College writes to Secretary Michael Chertoff, US Department of Homeland Security, in support of health workers who fulfill ethical obligations in times of armed conflict
March 7, 2008
Secretary Michael Chertoff
U.S. Department of Homeland Security
Washington, DC 20528
Dear Secretary Chertoff:
I am writing on behalf of the 125,000 members of the American College of Physicians (ACP), the nation’s largest medical specialty society, to express our deep concern about the Department of Homeland Security’s opposition to granting asylum to health workers based on their provision of medical care to rebel troops.

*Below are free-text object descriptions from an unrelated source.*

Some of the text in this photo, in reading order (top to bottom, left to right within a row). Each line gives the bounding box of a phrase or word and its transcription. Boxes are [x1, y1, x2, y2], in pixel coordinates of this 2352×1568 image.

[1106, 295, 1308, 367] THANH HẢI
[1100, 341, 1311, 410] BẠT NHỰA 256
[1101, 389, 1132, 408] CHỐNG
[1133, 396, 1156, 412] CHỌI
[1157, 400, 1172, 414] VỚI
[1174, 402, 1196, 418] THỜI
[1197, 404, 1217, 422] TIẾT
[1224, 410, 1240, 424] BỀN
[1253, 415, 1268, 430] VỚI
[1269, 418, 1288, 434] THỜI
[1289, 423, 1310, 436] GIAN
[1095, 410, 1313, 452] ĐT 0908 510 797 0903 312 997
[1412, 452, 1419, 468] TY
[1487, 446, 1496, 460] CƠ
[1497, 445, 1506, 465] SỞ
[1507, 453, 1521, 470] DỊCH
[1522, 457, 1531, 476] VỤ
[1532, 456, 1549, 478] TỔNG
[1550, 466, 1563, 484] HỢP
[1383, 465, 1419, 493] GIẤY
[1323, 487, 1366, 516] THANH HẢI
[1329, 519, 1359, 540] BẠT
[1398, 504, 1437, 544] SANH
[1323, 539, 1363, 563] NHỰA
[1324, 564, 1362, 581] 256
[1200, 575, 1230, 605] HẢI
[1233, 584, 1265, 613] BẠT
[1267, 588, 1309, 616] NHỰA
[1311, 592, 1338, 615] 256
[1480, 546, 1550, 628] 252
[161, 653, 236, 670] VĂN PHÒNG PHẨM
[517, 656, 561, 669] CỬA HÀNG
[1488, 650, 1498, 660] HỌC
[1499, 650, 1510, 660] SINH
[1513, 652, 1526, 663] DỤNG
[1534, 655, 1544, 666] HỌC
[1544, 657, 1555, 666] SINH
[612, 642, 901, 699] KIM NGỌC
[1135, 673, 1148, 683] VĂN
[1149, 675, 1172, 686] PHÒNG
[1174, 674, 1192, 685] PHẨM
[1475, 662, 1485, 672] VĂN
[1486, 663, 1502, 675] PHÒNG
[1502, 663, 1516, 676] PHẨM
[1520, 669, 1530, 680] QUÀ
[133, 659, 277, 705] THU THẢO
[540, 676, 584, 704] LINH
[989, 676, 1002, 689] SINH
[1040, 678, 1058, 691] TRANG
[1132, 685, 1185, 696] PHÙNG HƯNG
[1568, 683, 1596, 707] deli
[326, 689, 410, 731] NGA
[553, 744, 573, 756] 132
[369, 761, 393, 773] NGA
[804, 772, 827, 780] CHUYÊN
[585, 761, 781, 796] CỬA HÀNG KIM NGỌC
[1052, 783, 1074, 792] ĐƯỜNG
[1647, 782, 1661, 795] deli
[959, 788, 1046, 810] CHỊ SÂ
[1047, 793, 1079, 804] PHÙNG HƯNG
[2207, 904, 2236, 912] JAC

As stated in the ACP Ethics Manual “By history, tradition, and professional oath, physicians have a moral obligation to provide care for ill persons...A physician may not discriminate against a class or category of patients.” Health care workers serving sick and wounded independent of nationality or political affiliation during wartime, clearly demonstrate the principles of primacy of patient welfare, autonomy and social justice. We fear that the Department of Homeland Security in not granting asylum to health workers in recent years, fails to understand these ethical principles. Further, this appears to be in violation of the Geneva Convention, which clearly states that fulfillment of the obligation to care for the wounded and the sick should not affect one’s legal status.
Health professionals must be permitted to fulfill their ethical obligations. Like Physicians for Human Rights, we applaud these health workers for upholding those duties. As physicians, we are obligated by our ethics code to promote health and human rights. Therefore, we strongly urge you to reconsider your interpretation of the Immigration and Nationality Act [8 U.S.C. 1182 [a][B][iv][VI]]. We support an amendment of the Act to the language identified in bold below:
As used in this chapter, the term "engage in terrorist activity" means, in an individual capacity or as a member of an organization -
(VI) to commit an act other than an act carried out to fulfill medical ethics obligations that the actor knows, or reasonably should know, affords material support, including a safe house, transportation, communications, funds, transfer of funds or other material financial benefit, false documentation or identification, weapons (including chemical, biological, or radiological weapons), explosives, or training –[to a terrorist or terrorist organization].
The ACP believes that compliance with this interpretation of the Act and this amendment to reflect the intended interpretation would benefit not only all health workers, but all Americans.